▸ **Provided entries**:
★ ★ ★ ★ ★ ★ ★

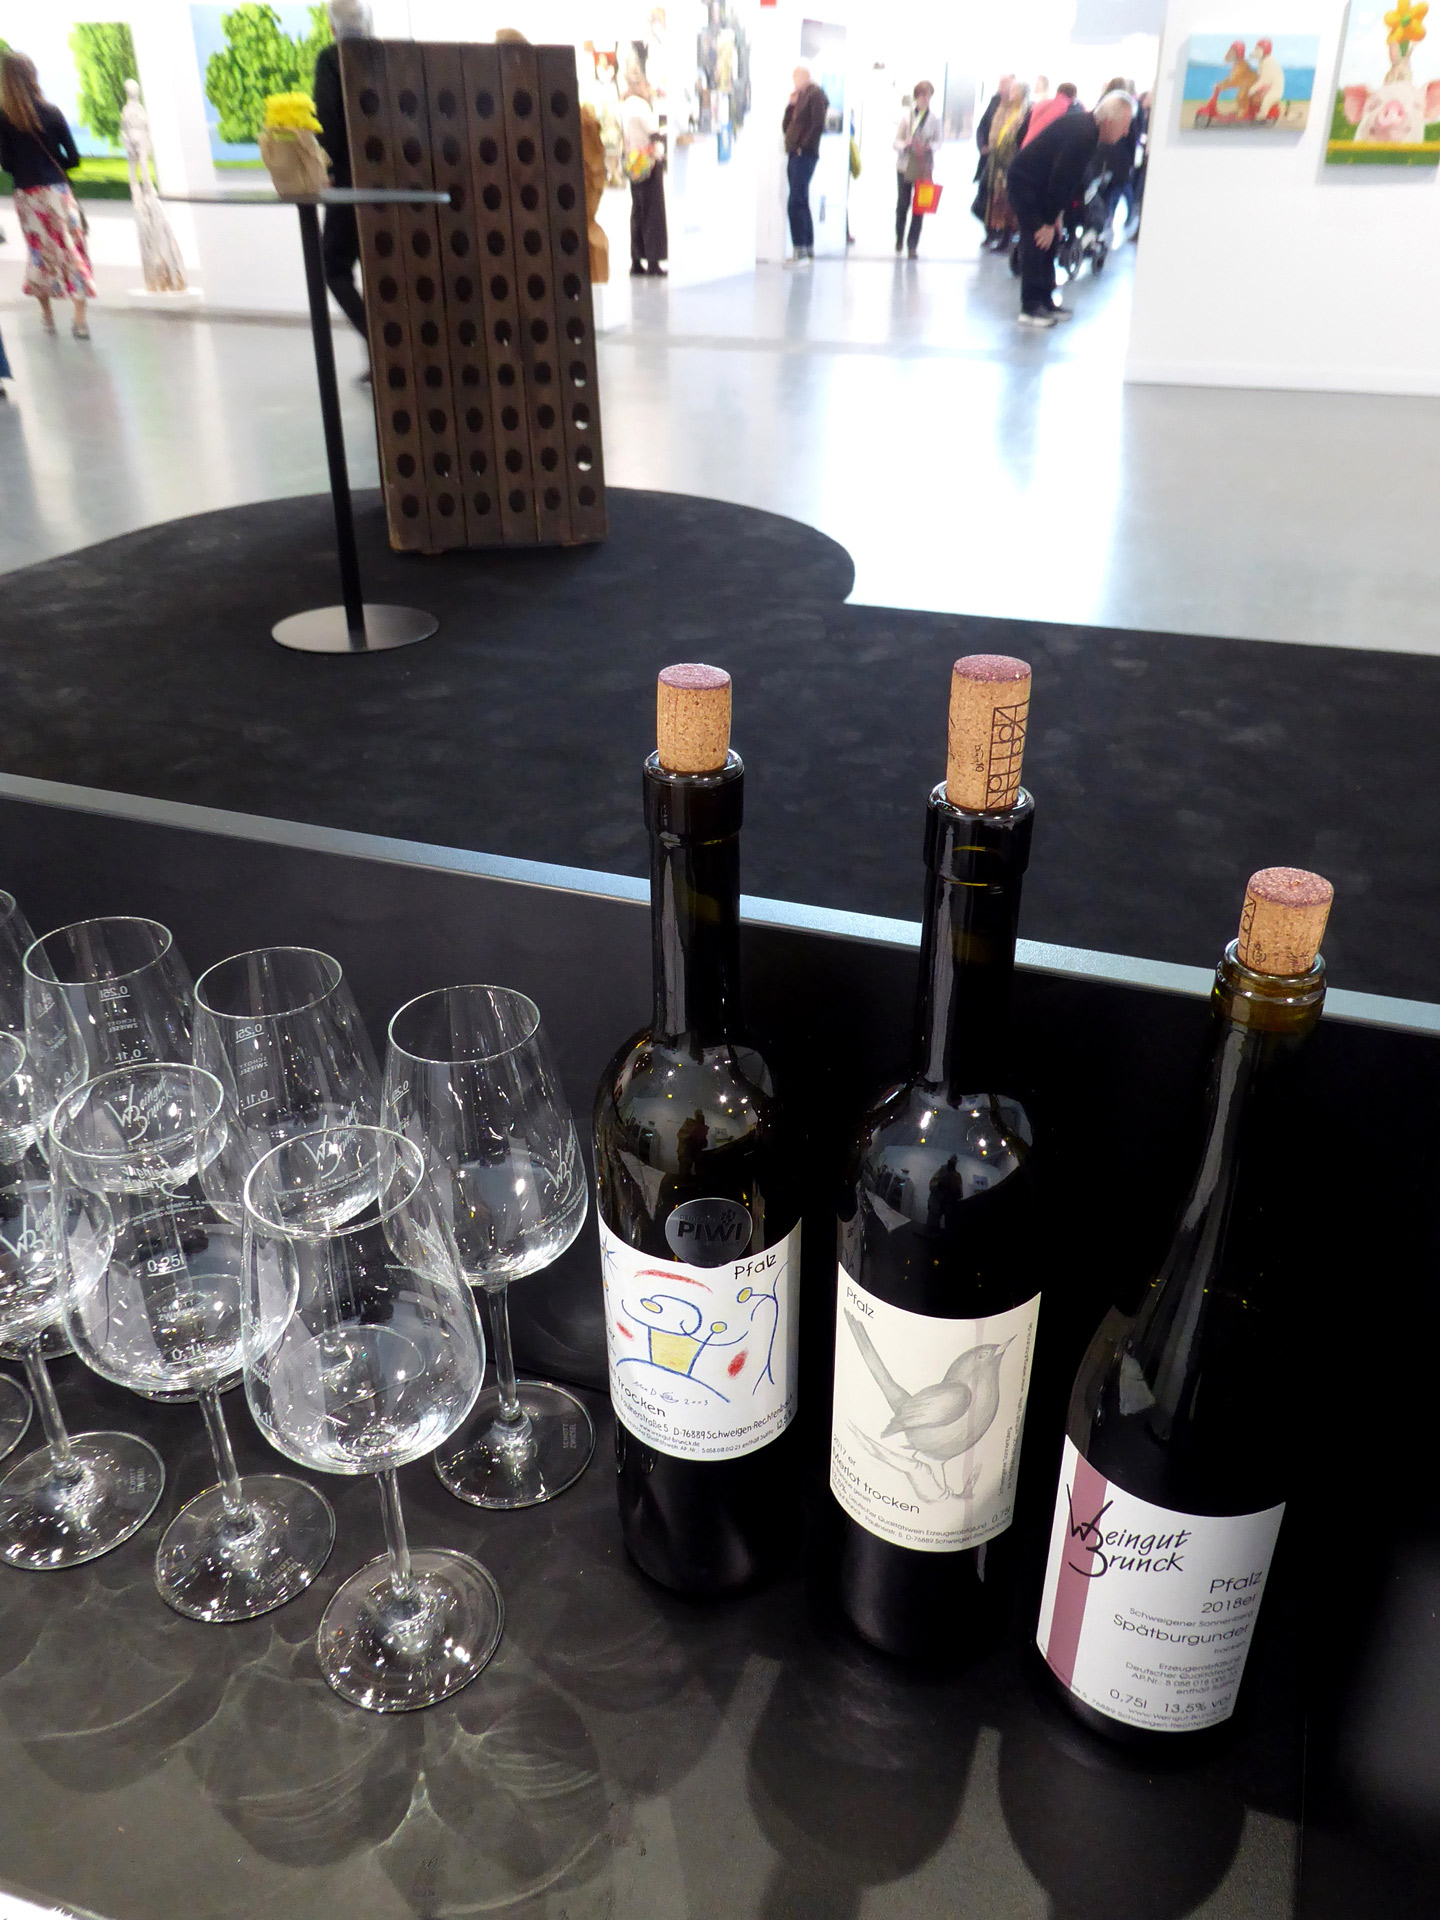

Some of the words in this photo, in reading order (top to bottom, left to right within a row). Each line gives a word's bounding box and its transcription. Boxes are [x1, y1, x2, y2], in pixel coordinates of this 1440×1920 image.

[677, 1220, 743, 1242] PIWI
[734, 1253, 777, 1281] Pfalz
[846, 1285, 875, 1320] Pfalz
[863, 1482, 920, 1515] trocken
[1066, 1483, 1193, 1556] Weingut
[1068, 1521, 1185, 1578] Brunck
[1209, 1571, 1263, 1594] Pfalz
[1113, 1613, 1250, 1647] Spätburgunder

★ ★ ★ ★ ★ ★ ★

▸ **Assigned task**:
Return every record above exactly as written, but drop the pictures.

▸ **Exercise solution**:
Some of the words in this photo, in reading order (top to bottom, left to right within a row). Each line gives a word's bounding box and its transcription. Boxes are [x1, y1, x2, y2], in pixel coordinates of this 1440×1920 image.

[677, 1220, 743, 1242] PIWI
[734, 1253, 777, 1281] Pfalz
[846, 1285, 875, 1320] Pfalz
[863, 1482, 920, 1515] trocken
[1066, 1483, 1193, 1556] Weingut
[1068, 1521, 1185, 1578] Brunck
[1209, 1571, 1263, 1594] Pfalz
[1113, 1613, 1250, 1647] Spätburgunder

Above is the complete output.